Spatial localization data
____________

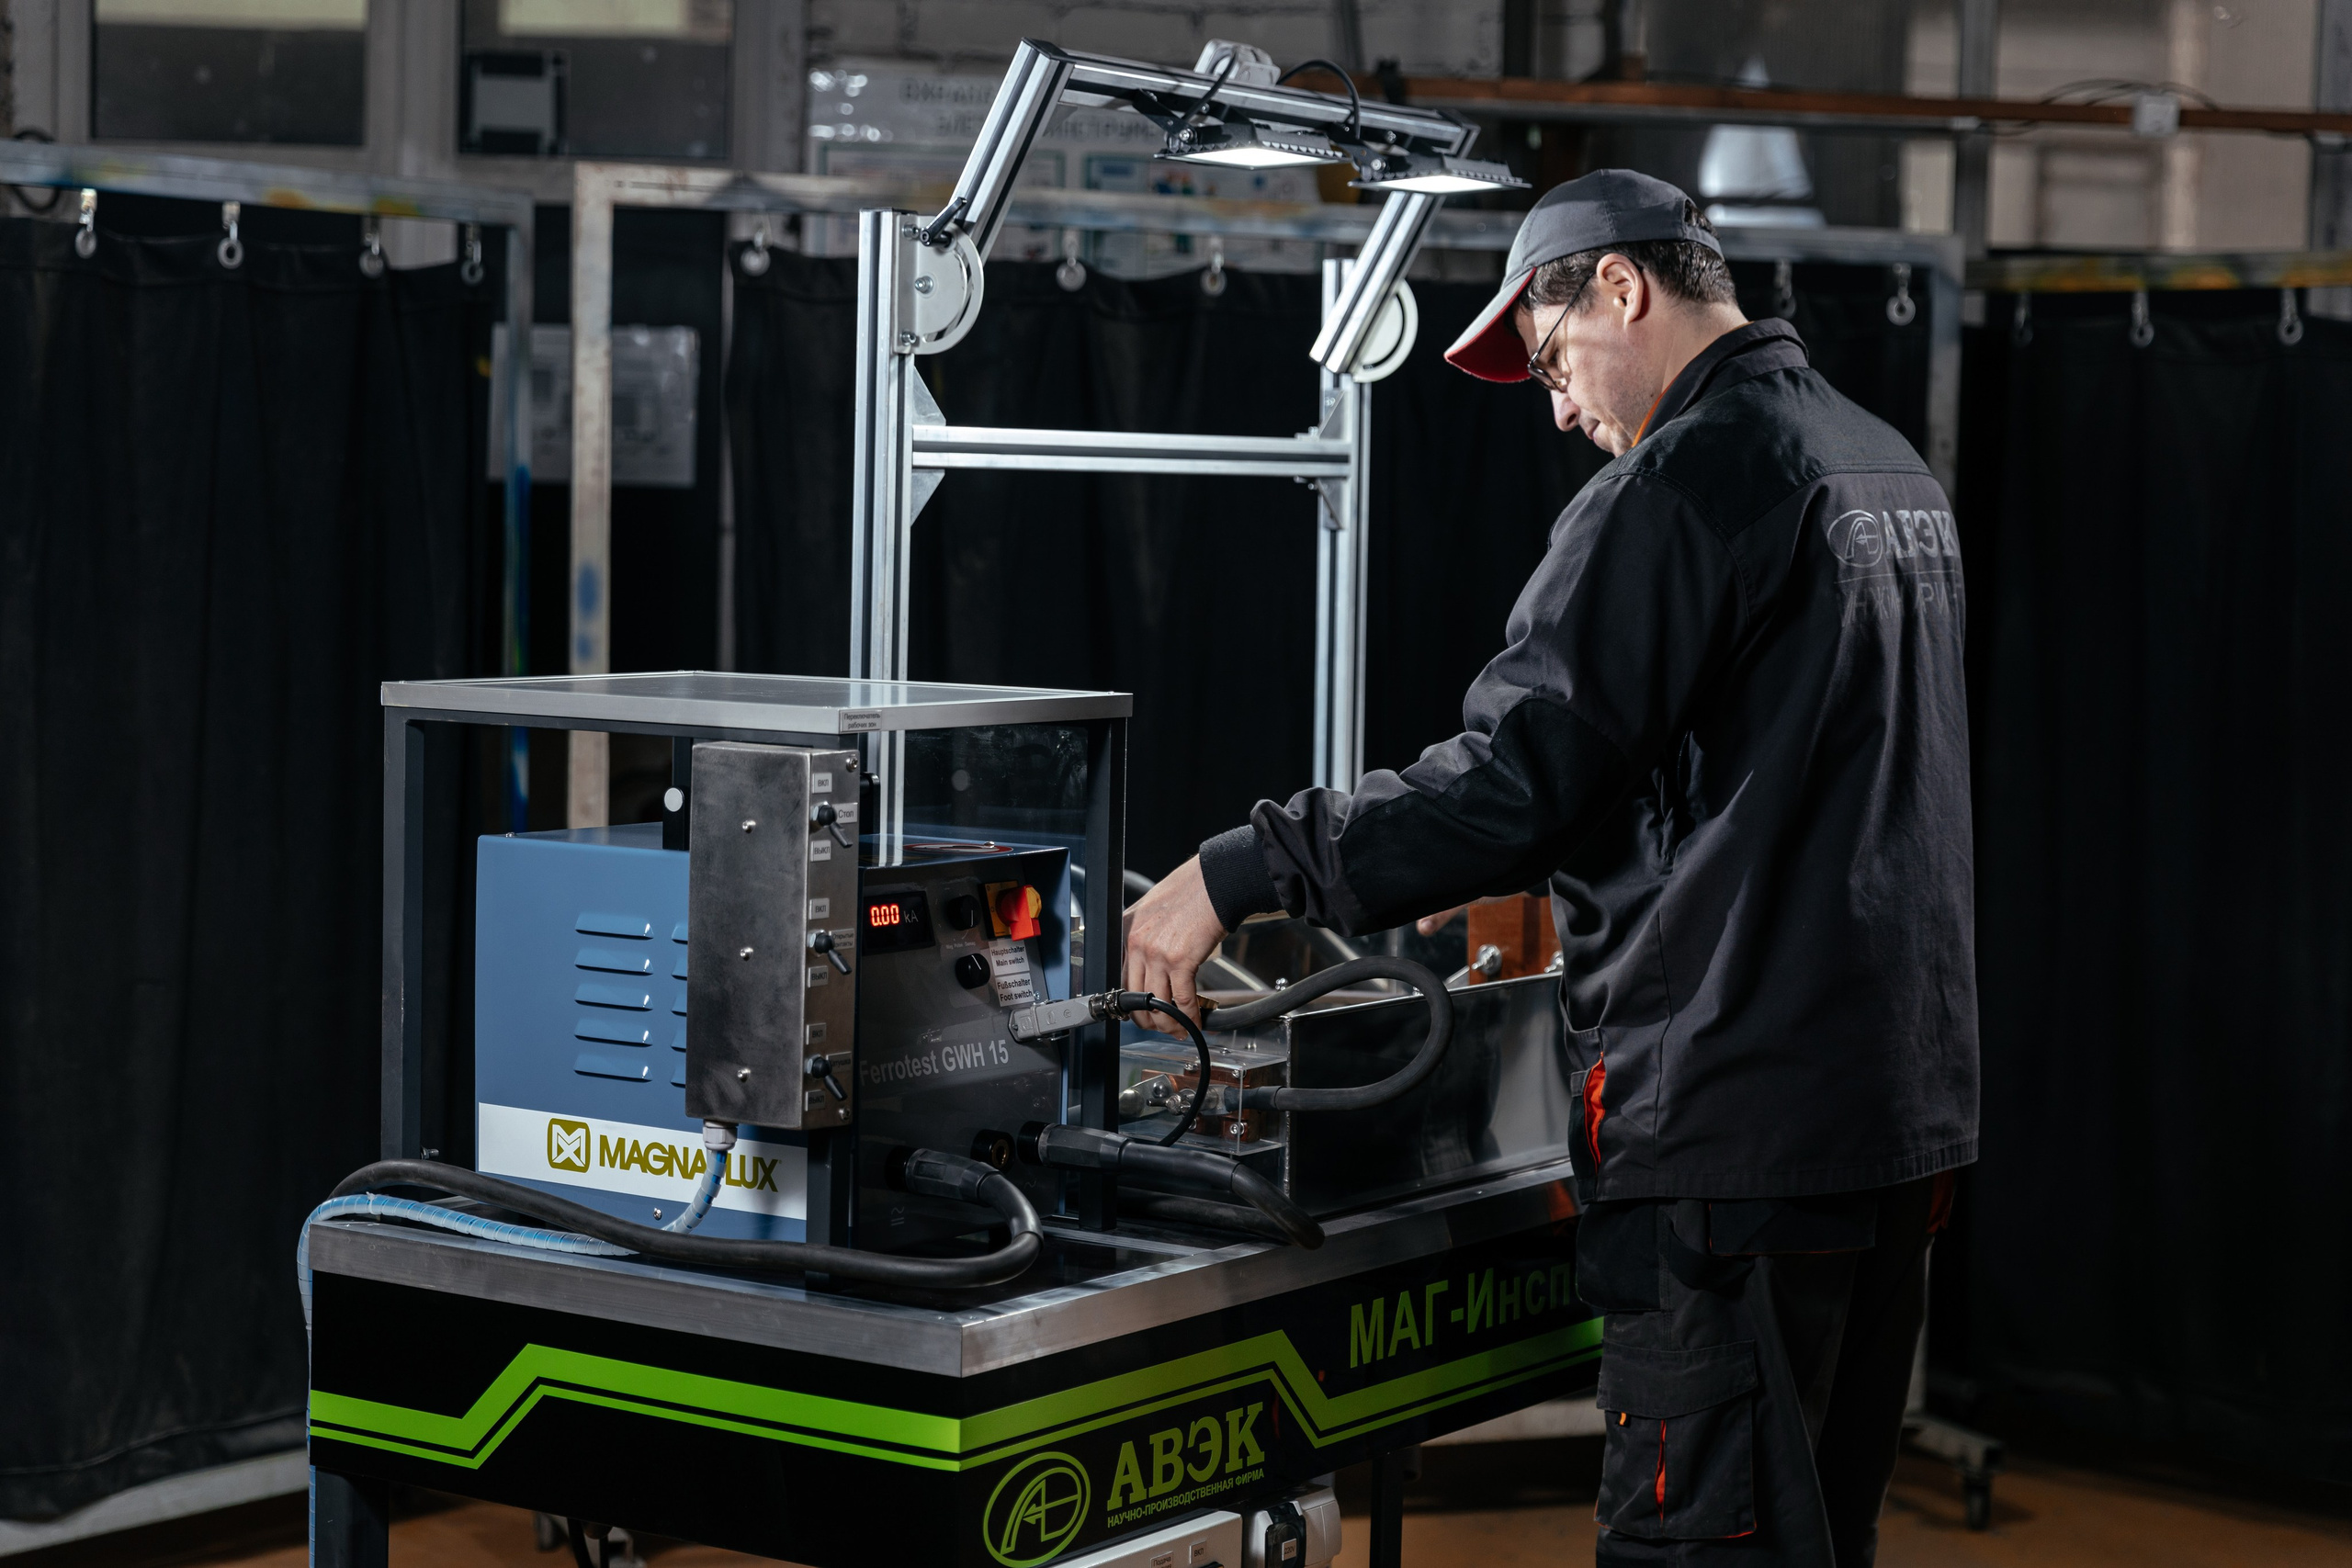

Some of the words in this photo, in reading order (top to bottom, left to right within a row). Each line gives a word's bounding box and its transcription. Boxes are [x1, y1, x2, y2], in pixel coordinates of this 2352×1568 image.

[838, 809, 854, 818] Стоп
[870, 904, 900, 927] 0.00
[903, 910, 919, 924] kA
[834, 941, 854, 949] онтакты
[991, 946, 1025, 956] Hauptschalter
[996, 959, 1009, 967] Main
[1009, 956, 1025, 965] switch
[997, 978, 1031, 990] Fußschalter
[1000, 993, 1013, 1002] Foot
[1014, 989, 1034, 999] switch
[859, 1050, 939, 1087] Ferrotest
[941, 1042, 986, 1072] GWH
[989, 1039, 1009, 1065] 15
[599, 1134, 779, 1193] MAGNALUX
[1106, 1401, 1266, 1512] АВЭК
[1106, 1477, 1234, 1529] НАУЧНО-ПРОИЗВОДСТВЕННАЯ
[1235, 1468, 1265, 1487] ФИРМА

____________

_The problem_
For the data above, return an exact copy that contains no pictures.

_Written reply_
Some of the words in this photo, in reading order (top to bottom, left to right within a row). Each line gives a word's bounding box and its transcription. Boxes are [x1, y1, x2, y2], in pixel coordinates of this 2352×1568 image.

[838, 809, 854, 818] Стоп
[870, 904, 900, 927] 0.00
[903, 910, 919, 924] kA
[834, 941, 854, 949] онтакты
[991, 946, 1025, 956] Hauptschalter
[996, 959, 1009, 967] Main
[1009, 956, 1025, 965] switch
[997, 978, 1031, 990] Fußschalter
[1000, 993, 1013, 1002] Foot
[1014, 989, 1034, 999] switch
[859, 1050, 939, 1087] Ferrotest
[941, 1042, 986, 1072] GWH
[989, 1039, 1009, 1065] 15
[599, 1134, 779, 1193] MAGNALUX
[1106, 1401, 1266, 1512] АВЭК
[1106, 1477, 1234, 1529] НАУЧНО-ПРОИЗВОДСТВЕННАЯ
[1235, 1468, 1265, 1487] ФИРМА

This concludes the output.